START EXERCISE MATERIAL
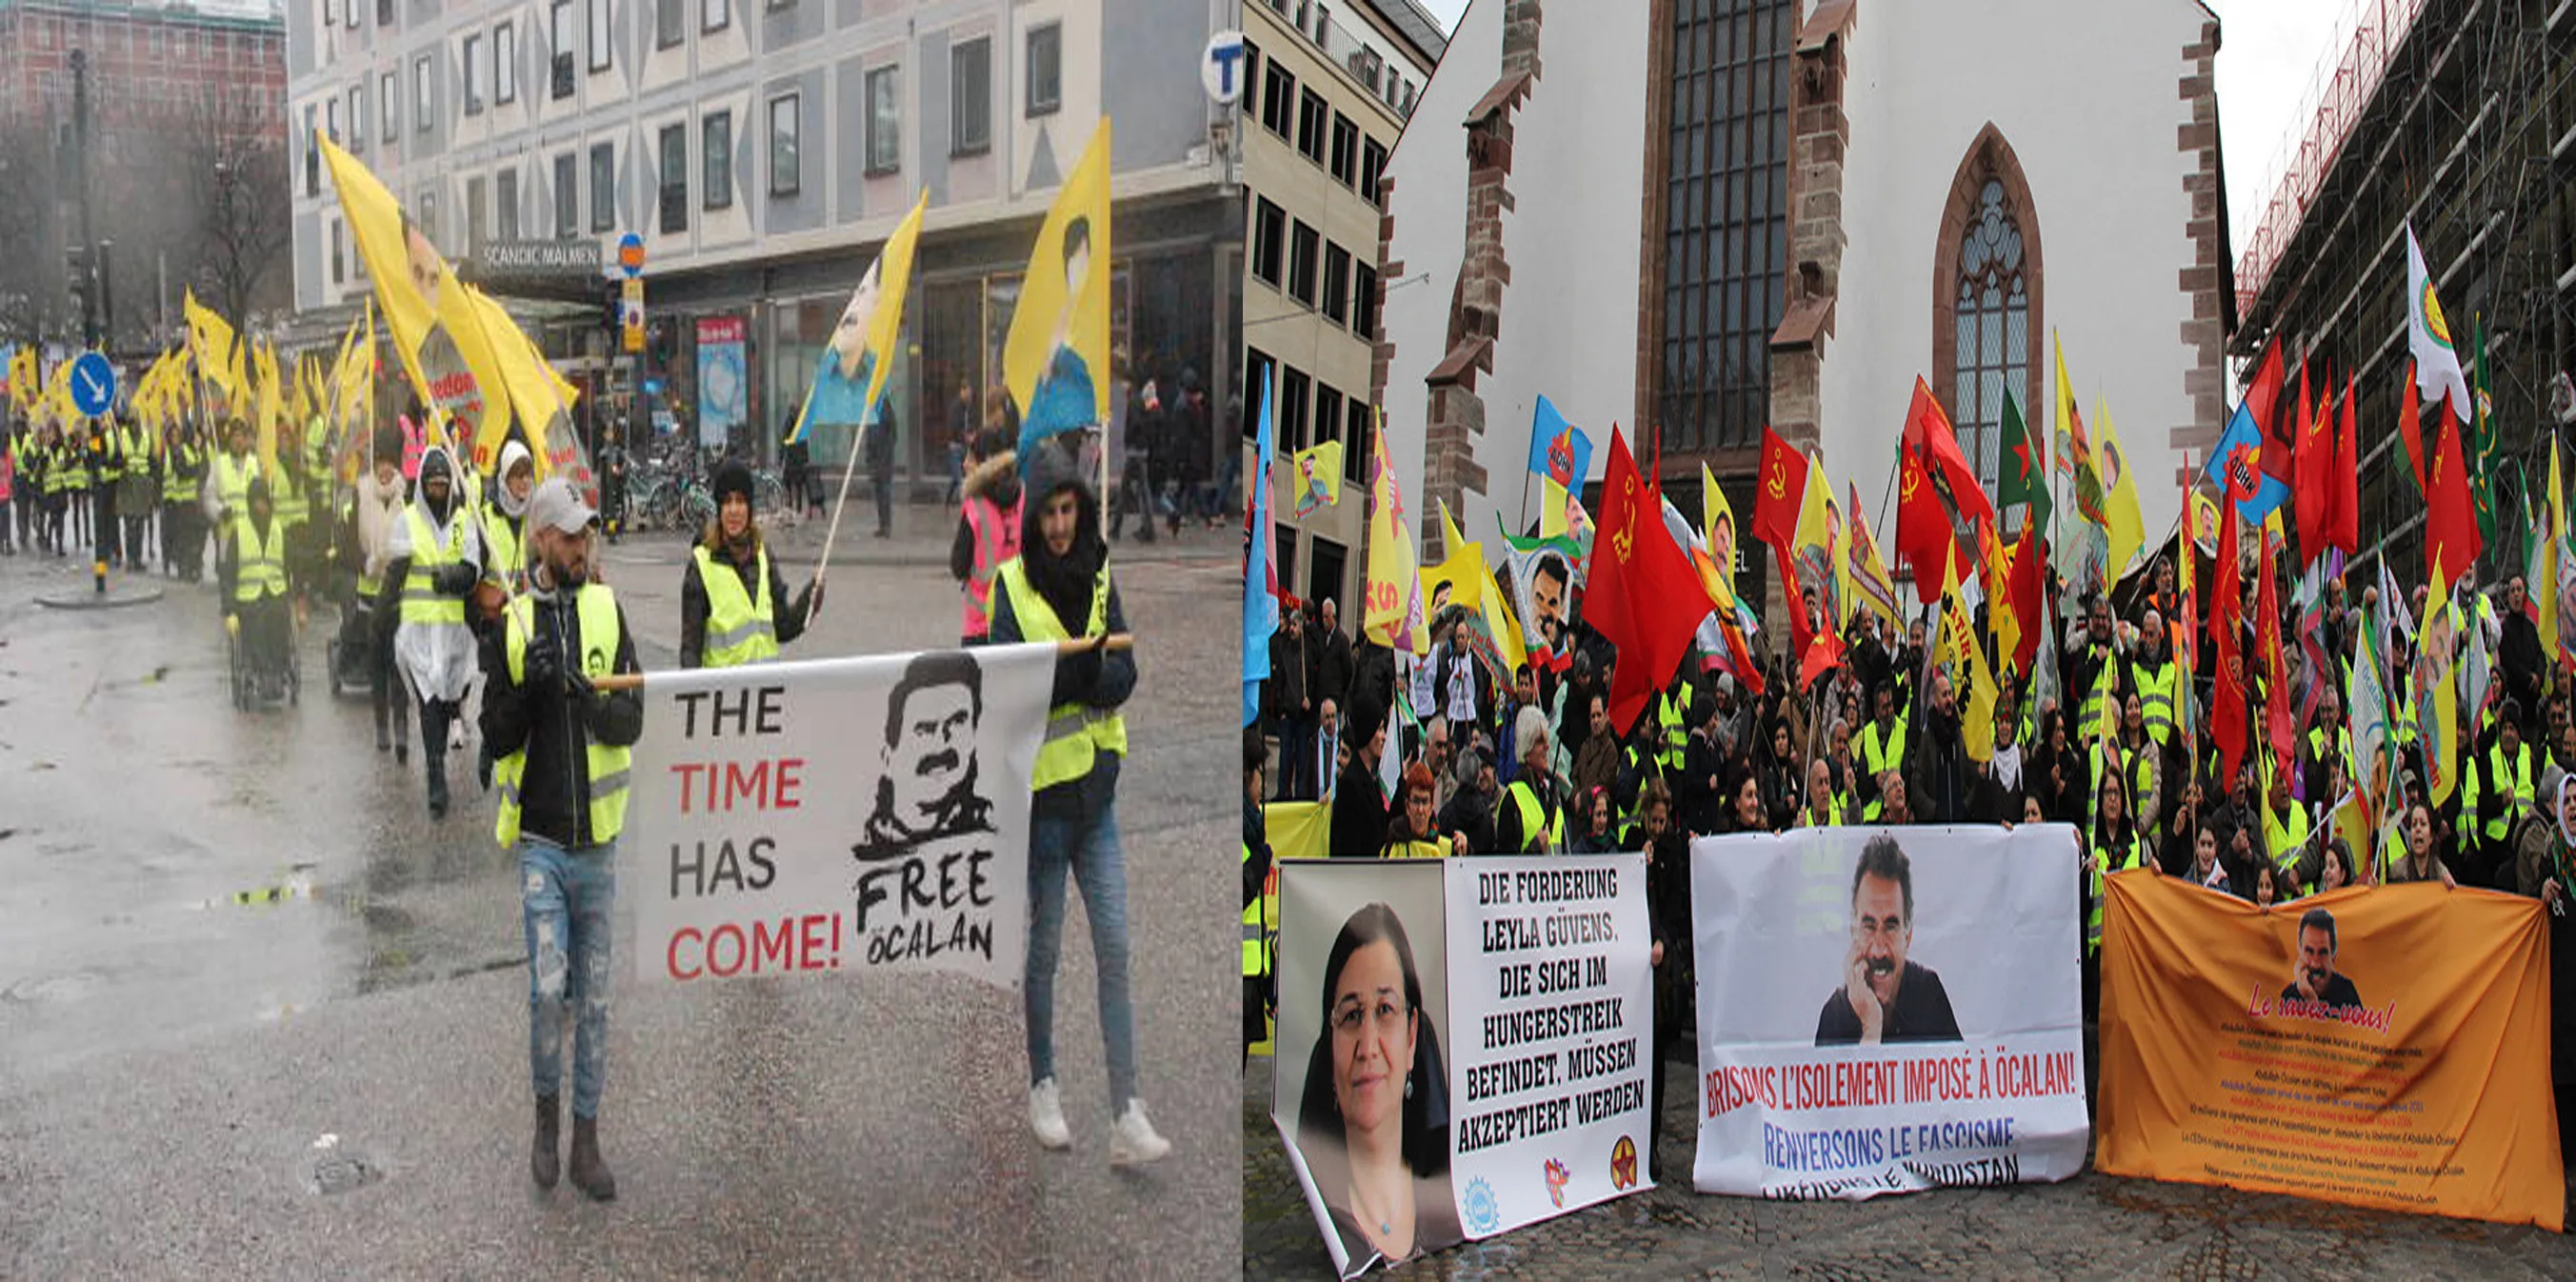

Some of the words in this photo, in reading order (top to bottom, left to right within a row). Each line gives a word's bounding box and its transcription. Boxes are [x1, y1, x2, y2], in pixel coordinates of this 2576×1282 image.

[1211, 44, 1242, 94] T
[484, 244, 537, 267] SCANDIC
[675, 687, 786, 737] THE
[670, 759, 804, 813] TIME
[670, 837, 777, 898] HAS
[856, 850, 994, 934] FREE
[1479, 871, 1510, 906] DIE
[1519, 868, 1618, 904] FORDERUNG
[667, 912, 841, 980] COME!
[868, 912, 992, 964] ÖCALAN
[1483, 918, 1539, 953] LEYLA
[1499, 963, 1531, 999] DIE
[1538, 959, 1580, 992] SICH
[1586, 955, 1608, 987] IM
[1483, 997, 1624, 1050] HUNGERSTREIK
[2248, 982, 2272, 1018] Le
[2278, 999, 2397, 1035] savez-vous!
[1568, 1037, 1637, 1081] MÜSSEN
[1707, 1065, 1777, 1118] BRISONS
[1782, 1059, 1899, 1112] L'ISOLEMENT
[1904, 1049, 1973, 1105] IMPOSÉ
[1979, 1049, 1991, 1099] À
[1995, 1045, 2076, 1099] ÖCALAN!
[1457, 1095, 1570, 1155] AKZEPTIERT
[1574, 1078, 1646, 1126] WERDEN
[1764, 1121, 1884, 1172] RENVERSONS
[1890, 1126, 1911, 1159] LE
[1919, 1116, 2014, 1152] FASCISME
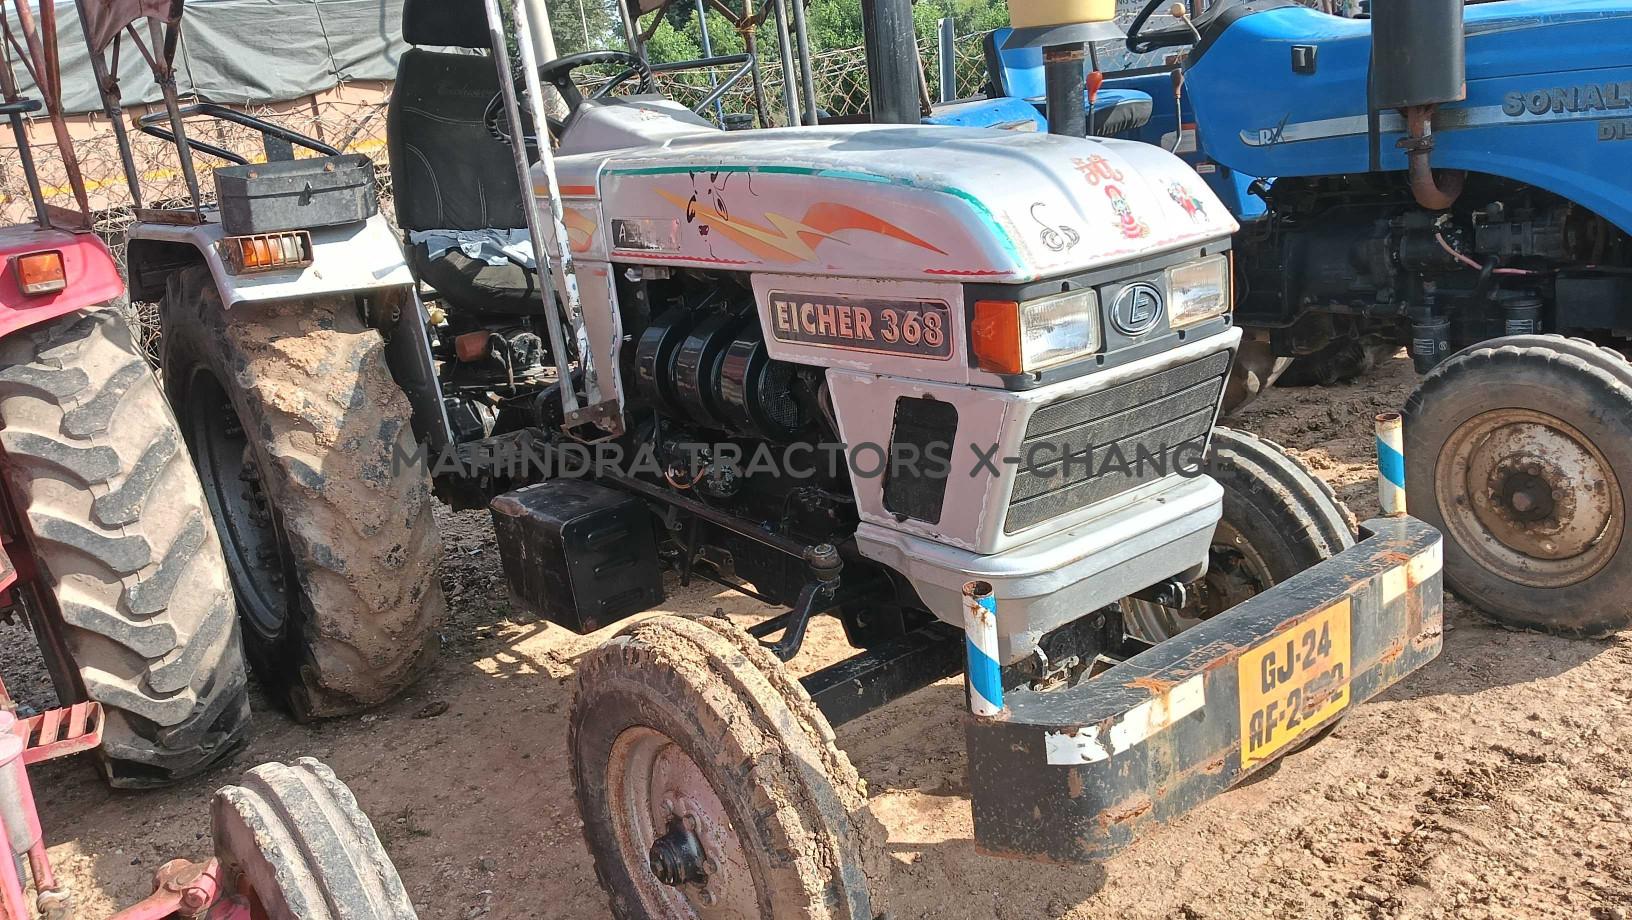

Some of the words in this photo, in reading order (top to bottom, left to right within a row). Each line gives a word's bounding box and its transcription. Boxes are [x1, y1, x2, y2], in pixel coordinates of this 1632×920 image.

[774, 301, 874, 341] EICHER
[881, 308, 944, 347] 368
[1261, 620, 1331, 694] GJ-24
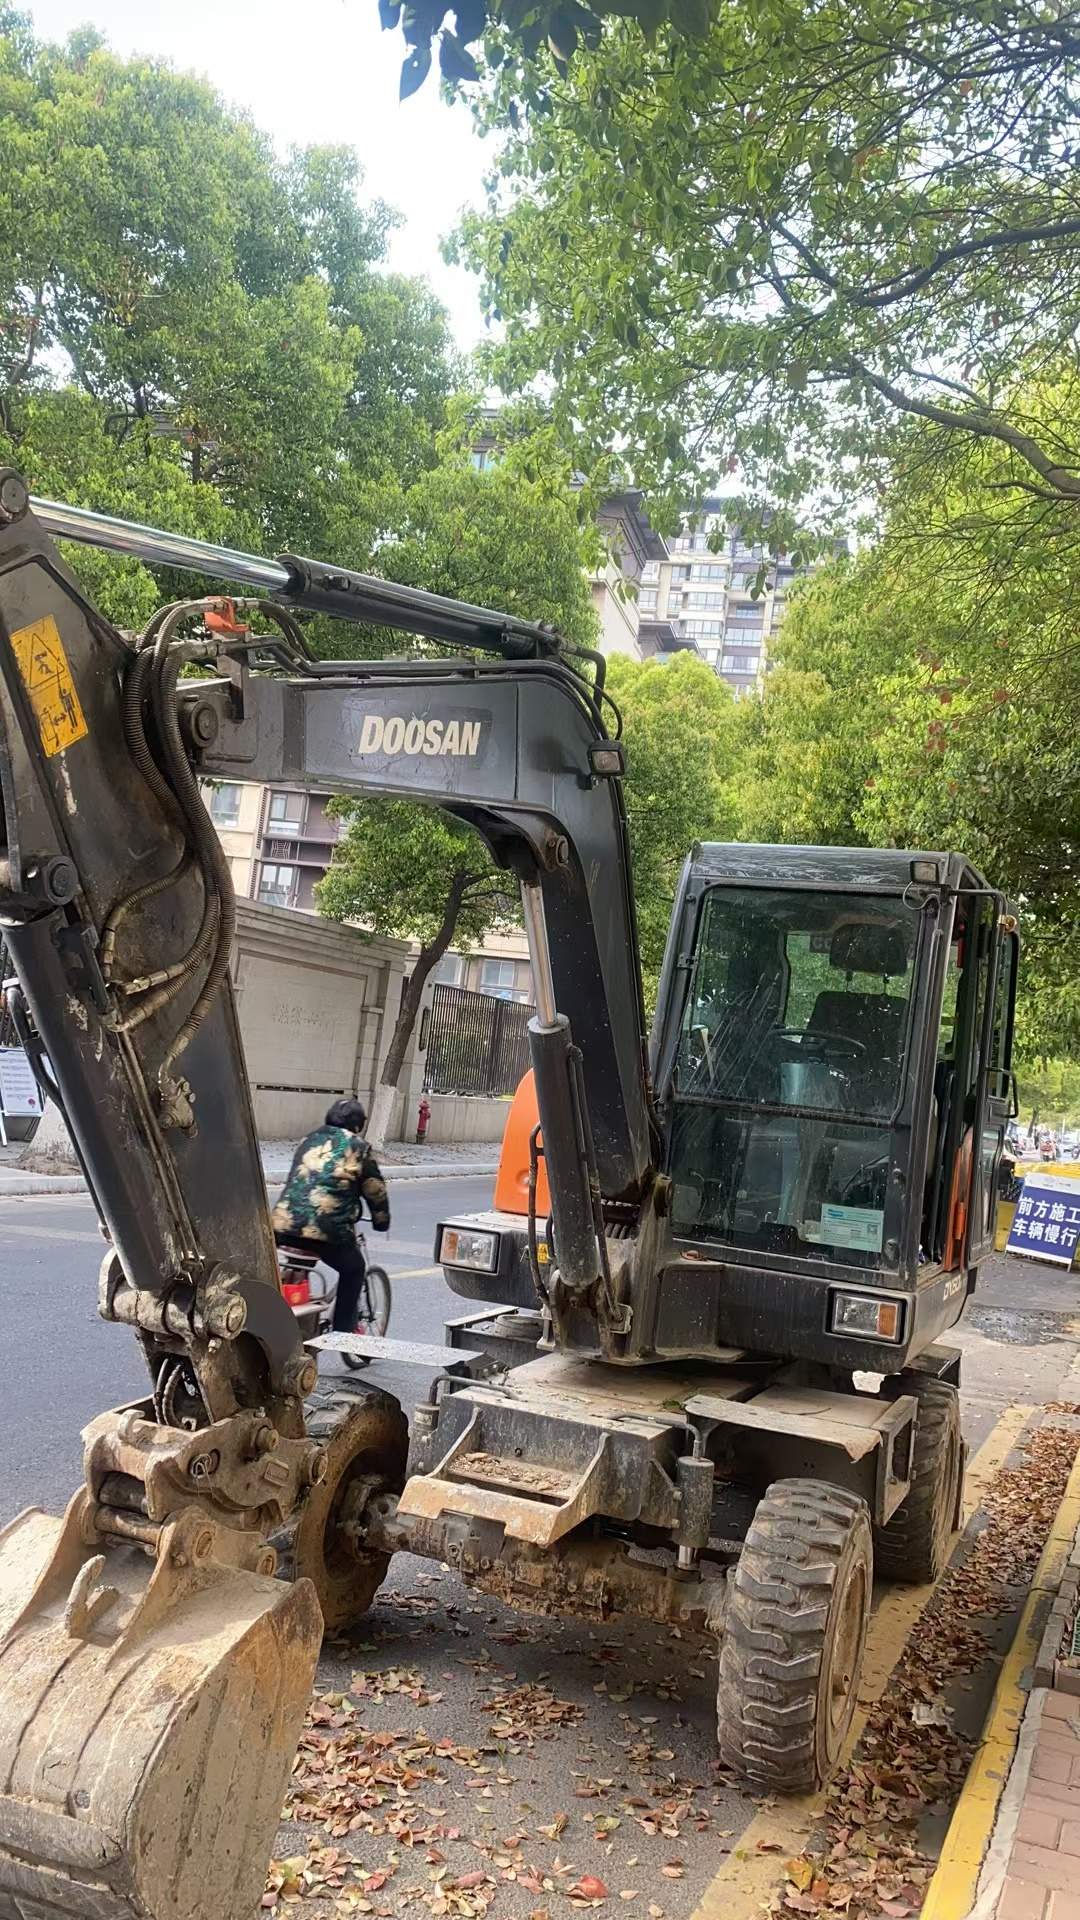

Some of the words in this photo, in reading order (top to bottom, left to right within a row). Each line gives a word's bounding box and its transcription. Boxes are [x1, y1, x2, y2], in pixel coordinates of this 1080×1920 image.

[358, 715, 481, 756] DOOSAN
[1018, 1197, 1080, 1225] 前方施工
[1012, 1218, 1077, 1247] 车辆慢行
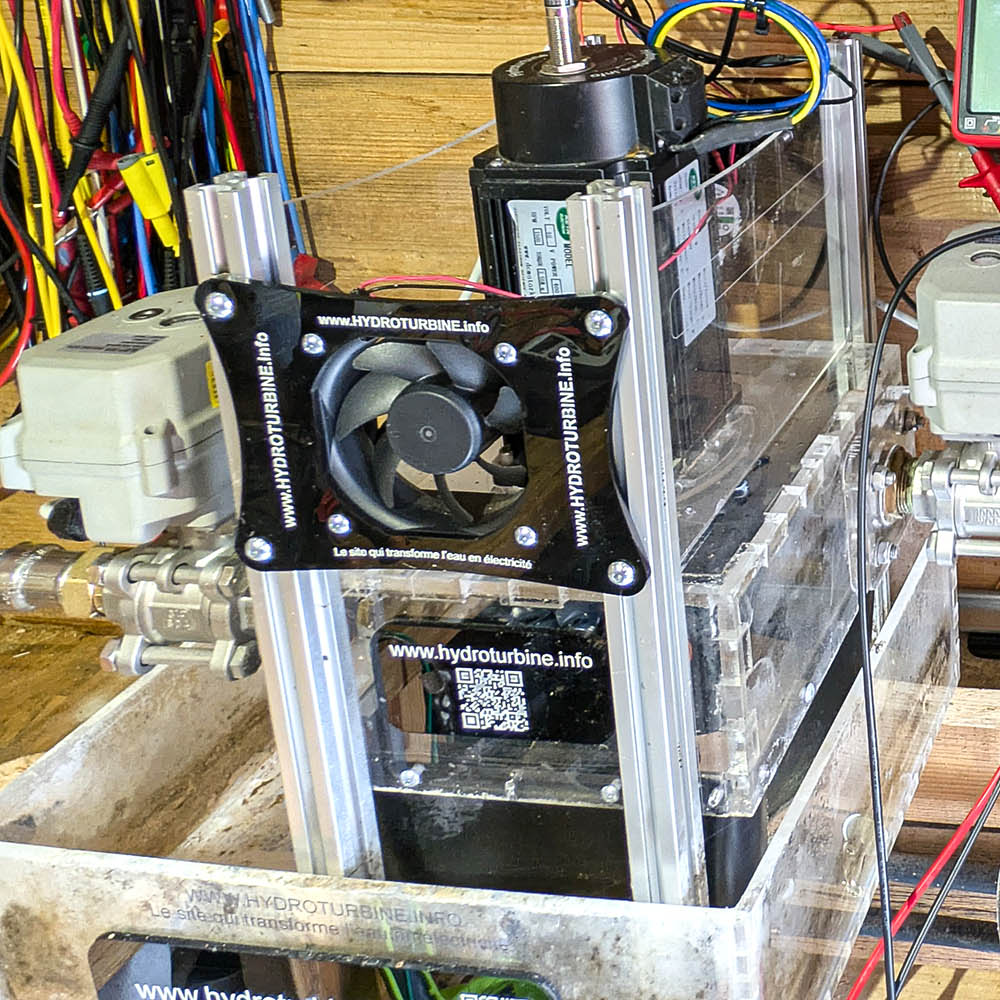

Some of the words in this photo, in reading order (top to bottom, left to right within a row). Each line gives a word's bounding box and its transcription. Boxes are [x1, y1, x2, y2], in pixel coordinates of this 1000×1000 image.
END EXERCISE MATERIAL
**PROBLEM REQUIREMENTS:**
Repeat the data in full and exactly. Omit pictures.

**REPLY TO THE TASK:**
Some of the words in this photo, in reading order (top to bottom, left to right within a row). Each line gives a word's bounding box and its transcription. Boxes are [x1, y1, x2, y2], in pixel coordinates of this 2576×1282 image.

[1211, 44, 1242, 94] T
[484, 244, 537, 267] SCANDIC
[675, 687, 786, 737] THE
[670, 759, 804, 813] TIME
[670, 837, 777, 898] HAS
[856, 850, 994, 934] FREE
[1479, 871, 1510, 906] DIE
[1519, 868, 1618, 904] FORDERUNG
[667, 912, 841, 980] COME!
[868, 912, 992, 964] ÖCALAN
[1483, 918, 1539, 953] LEYLA
[1499, 963, 1531, 999] DIE
[1538, 959, 1580, 992] SICH
[1586, 955, 1608, 987] IM
[1483, 997, 1624, 1050] HUNGERSTREIK
[2248, 982, 2272, 1018] Le
[2278, 999, 2397, 1035] savez-vous!
[1568, 1037, 1637, 1081] MÜSSEN
[1707, 1065, 1777, 1118] BRISONS
[1782, 1059, 1899, 1112] L'ISOLEMENT
[1904, 1049, 1973, 1105] IMPOSÉ
[1979, 1049, 1991, 1099] À
[1995, 1045, 2076, 1099] ÖCALAN!
[1457, 1095, 1570, 1155] AKZEPTIERT
[1574, 1078, 1646, 1126] WERDEN
[1764, 1121, 1884, 1172] RENVERSONS
[1890, 1126, 1911, 1159] LE
[1919, 1116, 2014, 1152] FASCISME

Some of the words in this photo, in reading order (top to bottom, left to right within a row). Each line gives a word's bounding box and its transcription. Boxes are [x1, y1, x2, y2], in pixel coordinates of this 1632×920 image.

[774, 301, 874, 341] EICHER
[881, 308, 944, 347] 368
[1261, 620, 1331, 694] GJ-24

Some of the words in this photo, in reading order (top to bottom, left to right within a row). Each line gives a word's bounding box and its transcription. Boxes are [x1, y1, x2, y2], in pixel coordinates of this 1080×1920 image.

[358, 715, 481, 756] DOOSAN
[1018, 1197, 1080, 1225] 前方施工
[1012, 1218, 1077, 1247] 车辆慢行

Some of the words in this photo, in reading order (top to bottom, left to right within a row). Each line gives a word's bounding box and its transcription. Boxes are [x1, y1, x2, y2], in pixel coordinates of this 1000×1000 image.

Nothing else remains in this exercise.